Deposit Waiver Form (Duke programs only, Duke students only)
Home College/University Approval Form (Non-Duke students only)
Minimum GPA Waiver Form (Trinity students only)
Third Party Billing Form (Non-Duke students only)
Transfer Credit Approval Form (Duke students only)
Duke University policies and procedures apply to all students studying abroad/away on programs administered by Duke University, as well as to all Duke University students studying abroad/away on Duke-approved programs. Both students and their families should be familiar with these policies.
The GEO Summer and Semester Handbooks are updated annually in the spring and distributed by email to all students enrolled in a study away program. We advise downloading a copy to your laptop in the event you are without internet access on your program and need to reference this important information.
While acknowledging that all study abroad/away programs and overseas institutions have their own criteria for admissions, Duke University students are held to an institutional standard before being allowed to study abroad/away for credit.
Students are eligible to study away no earlier than Summer Session I of the summer following their first year.
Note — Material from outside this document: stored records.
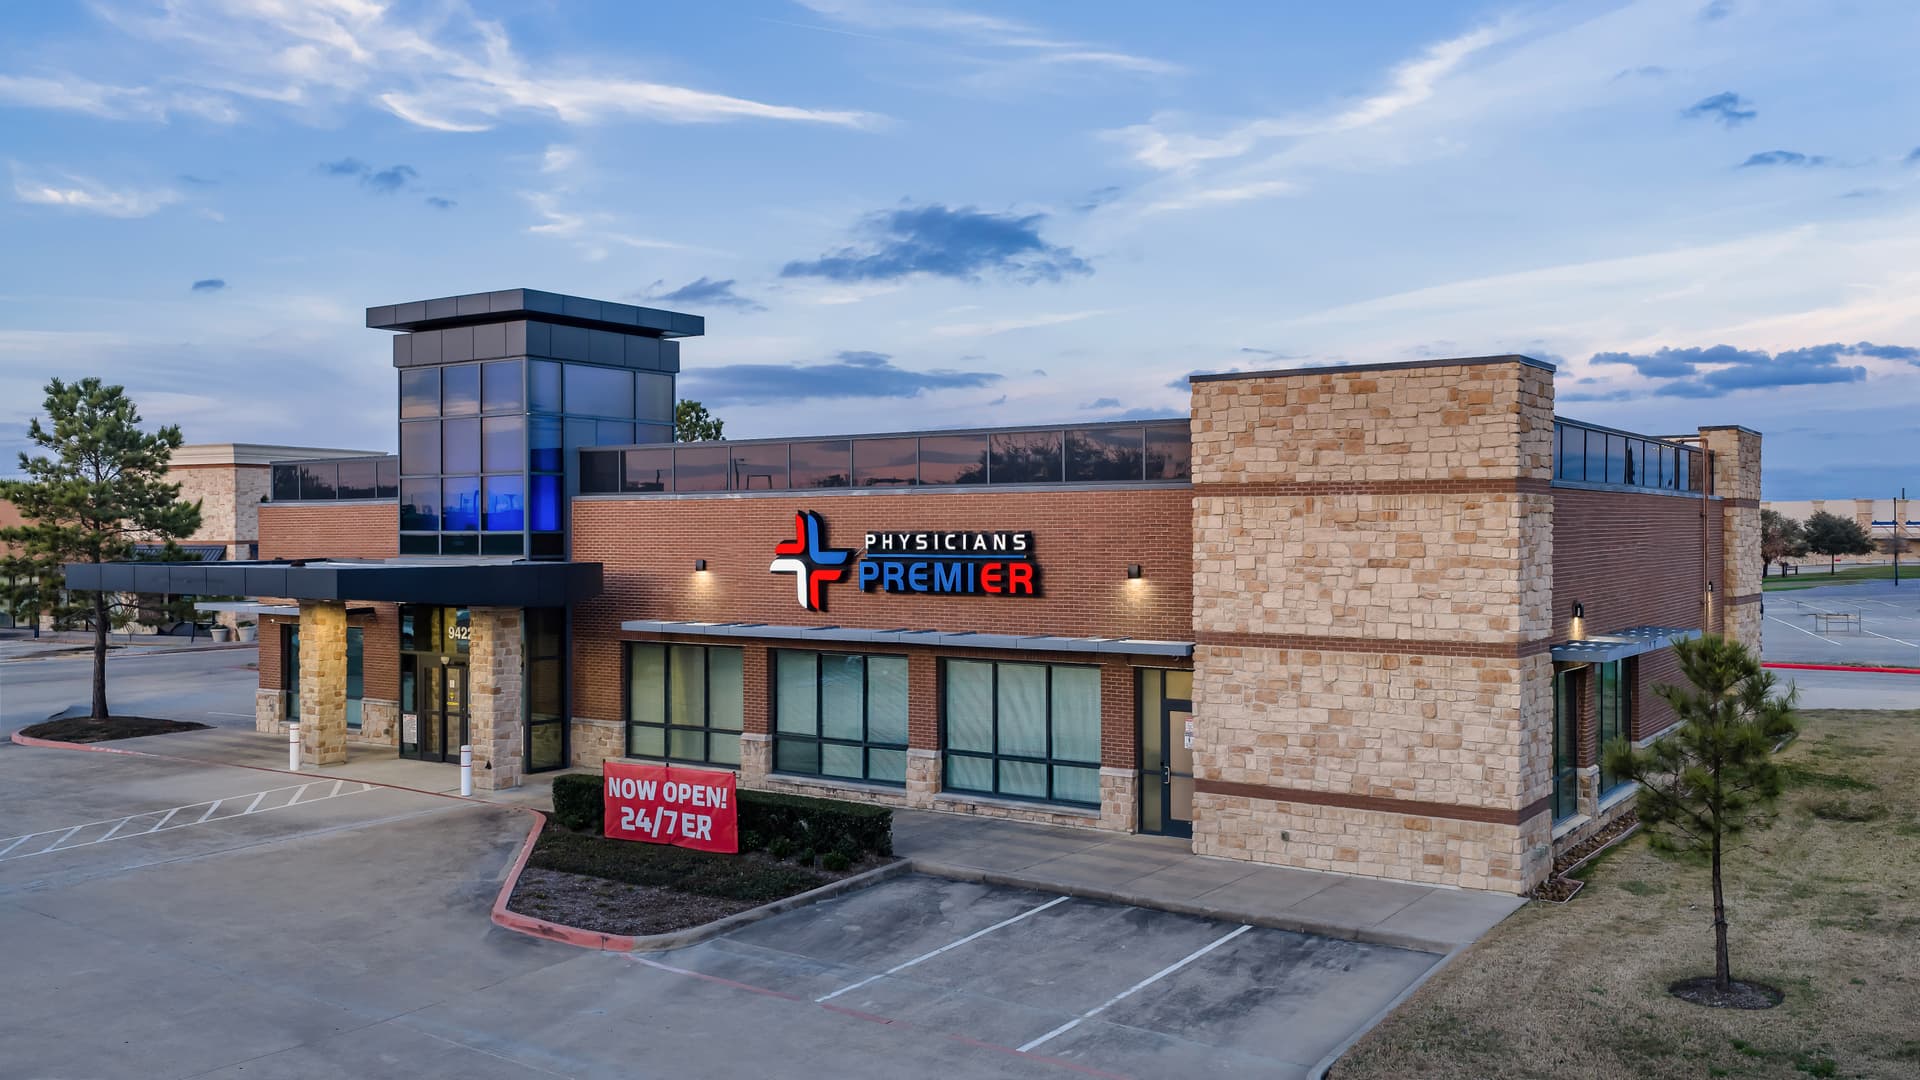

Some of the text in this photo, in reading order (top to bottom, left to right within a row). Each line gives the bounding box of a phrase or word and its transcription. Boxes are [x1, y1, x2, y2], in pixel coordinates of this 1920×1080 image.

[865, 534, 1026, 550] PHYSICIANS
[859, 561, 1033, 593] PREMIER
[608, 777, 727, 808] NOW OPEN!
[621, 806, 711, 840] 24/7 ER
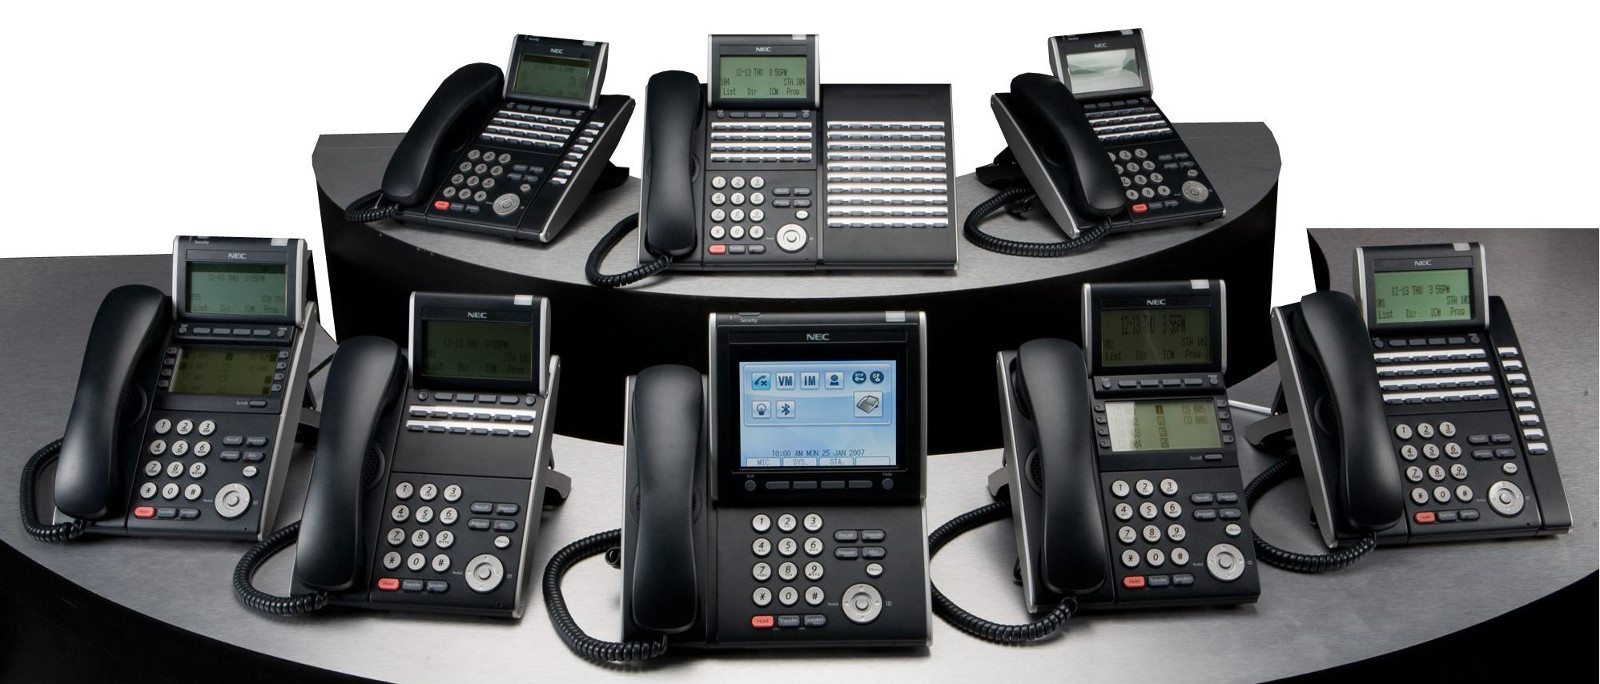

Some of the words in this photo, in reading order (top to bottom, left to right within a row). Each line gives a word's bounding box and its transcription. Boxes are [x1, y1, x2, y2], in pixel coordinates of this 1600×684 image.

[736, 68, 751, 76] 12-13
[754, 68, 763, 76] THU
[1392, 286, 1409, 296] 12-13
[1412, 286, 1423, 294] THU
[1378, 310, 1393, 319] List
[778, 376, 792, 386] VM
[804, 376, 816, 386] IM
[784, 517, 791, 525] 2
[810, 516, 816, 525] 3
[758, 541, 764, 549] 4
[785, 541, 791, 550] 5
[810, 541, 817, 549] 6
[413, 557, 420, 566] 0
[1152, 553, 1159, 561] 0
[759, 566, 766, 574] 7
[785, 565, 791, 574] 8
[811, 565, 818, 574] 9
[785, 592, 792, 600] 0
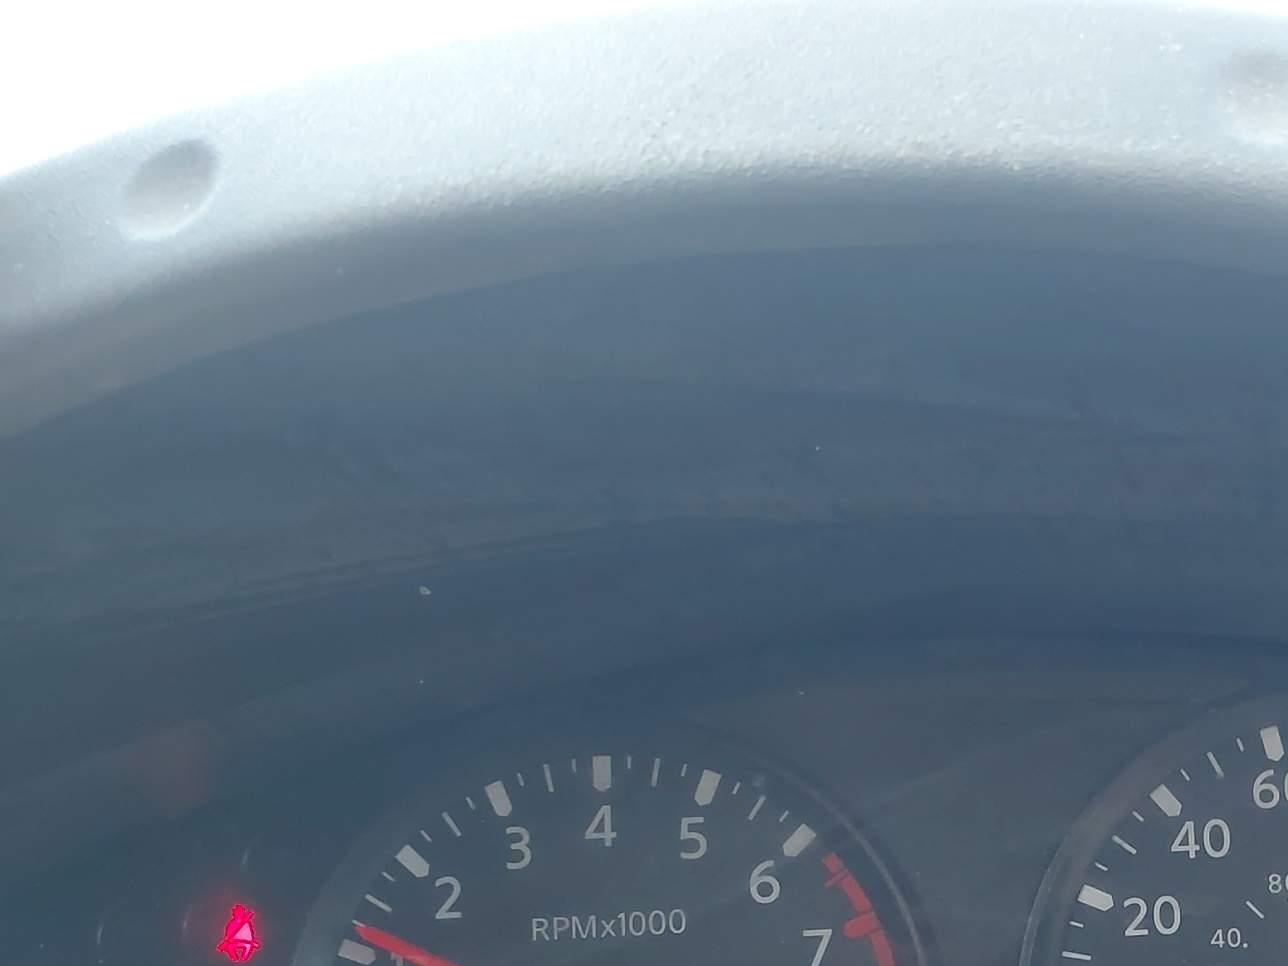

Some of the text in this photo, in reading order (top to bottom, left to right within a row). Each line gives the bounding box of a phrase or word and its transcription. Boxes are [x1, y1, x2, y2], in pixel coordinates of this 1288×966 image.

For Trinity College of Arts & Sciences students: The minimum cumulative grade point average (GPA) required for Trinity students wishing to study abroad/away during the semester is 2.7 on a scale of 4.0. A student with a GPA lower than 2.7 must use the GPA Waiver Form to obtain permission from his/her academic dean before he/she will be approved for study abroad/away by the Global Education Office for Undergraduates (GEO).
For Pratt students: Pratt students must have a minimum 3.0 GPA in order to receive conditional approval to study away, and they must maintain a 3.0 minimum GPA in order to be allowed to participate in a study away program.
There is no minimum cumulative GPA required for Duke students wishing to study abroad/away during the summer, but students must meet continuation requirements at Duke and are subject to program-specific admissions requirements, which may include a higher minimum GPA.
Non-Duke students must be in good standing at an accredited college or university, provide a transcript of all work taken, and be accepted into the program by the applicable Duke program director. Students who have not matriculated at a college or university are not eligible to participate in study abroad on Duke’s programs and will not receive credit for programs abroad taken through another institution.
A student who is on academic or disciplinary probation or who does not meet academic continuation requirements will not be permitted to study abroad/away during the period the sanction is in effect, regardless of the student's acceptance to a program. Upon submission of the General Application questionnaire, GEO will conduct a check of each student's academic and disciplinary record to determine eligibility to study away from Duke or, in the case of a non-Duke student, will request such information from their home institution.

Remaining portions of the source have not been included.